Environment, Development and Sustainability: A Multidisciplinary Approach to the Theory and Practice of Sustainable Development, 2018, vol. 20, issue 5, No 14, 2179 pages

Abstract: Abstract This work focuses on the study of signs given to humans by domestic and wild vertebrates. These signs are interpreted culturally by settlers who live on the Central Patagonian Plateau and are taken into account in making decisions relating to their lives as subsistence livestock farmers. Open and in-depth interviews were carried out with 20 livestock farmers from 20 rural establishments of Sierra Rosada, Sierra Ventana and El Escorial. We found that locals’ body of knowledge is pervaded by dynamic events in a dialectical, bidirectional process that sustains their traditional way of life.
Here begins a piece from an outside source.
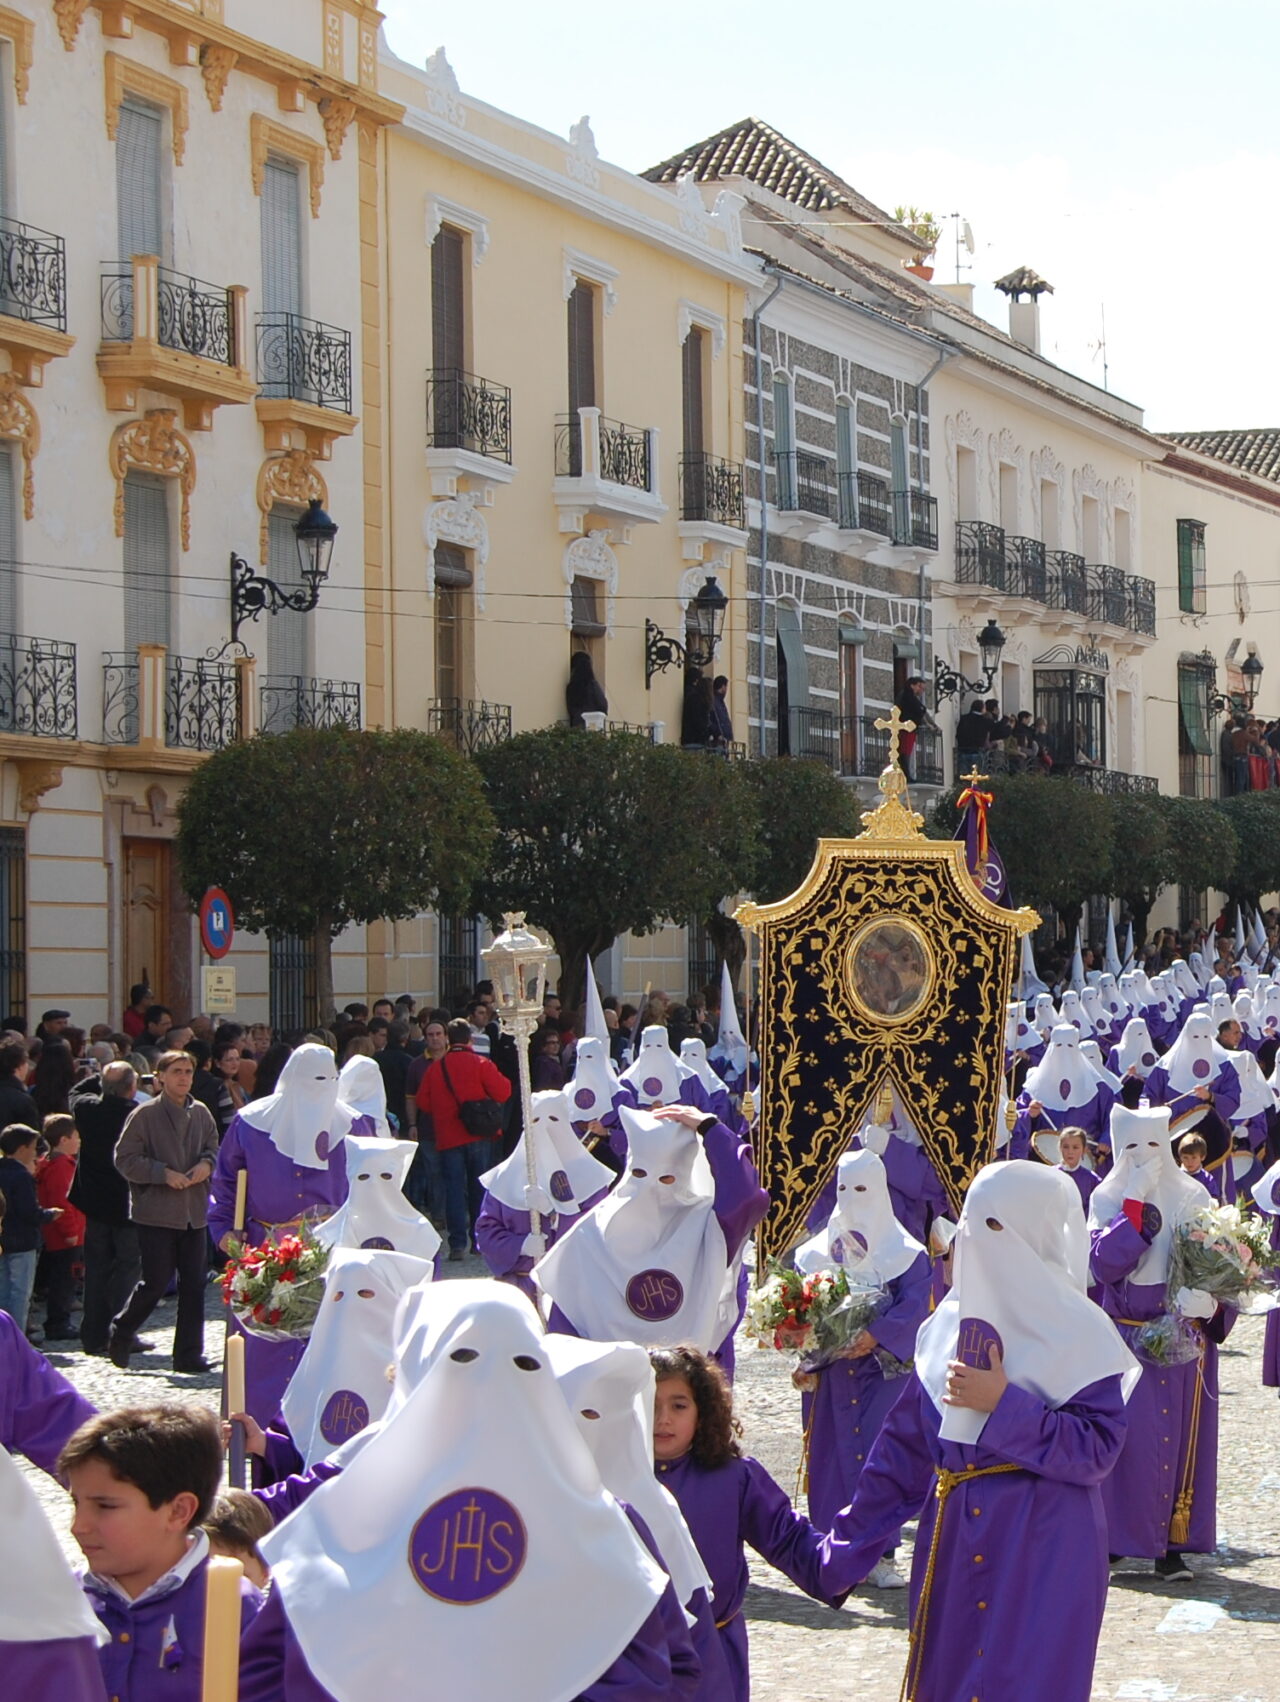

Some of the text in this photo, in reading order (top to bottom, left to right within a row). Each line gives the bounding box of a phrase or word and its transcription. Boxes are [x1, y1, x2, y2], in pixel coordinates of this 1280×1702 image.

[635, 1275, 677, 1311] JHS
[322, 1393, 366, 1435] JHS
[420, 1497, 513, 1582] JHS
In local discourses, we have distinguished two types of signs: biophysical (e.g. variations in vegetation and climate) and sociocultural (changes in family conformation or in the community, announcement of visit, etc.). We describe 30 signs given by 18 animal ethno-indicators (15 wild and 3 domestic animals, 9 belonging to the class Mammalia and 9 to the class Aves). These signs are used to interpret the natural surroundings and predict both short- and long-term environmental and social processes of change. Amongst the main results, it was found that domestic animals are important principally as ethno-indicators of long-term biophysical changes, whereas wild animals are mainly important in marking short-term biophysical changes and as sociocultural indicators. Finally, the importance of traditional ecological knowledge is discussed with regard to perception, through signs given by domestic animals, of desertification processes such as drought and lack of food on the land.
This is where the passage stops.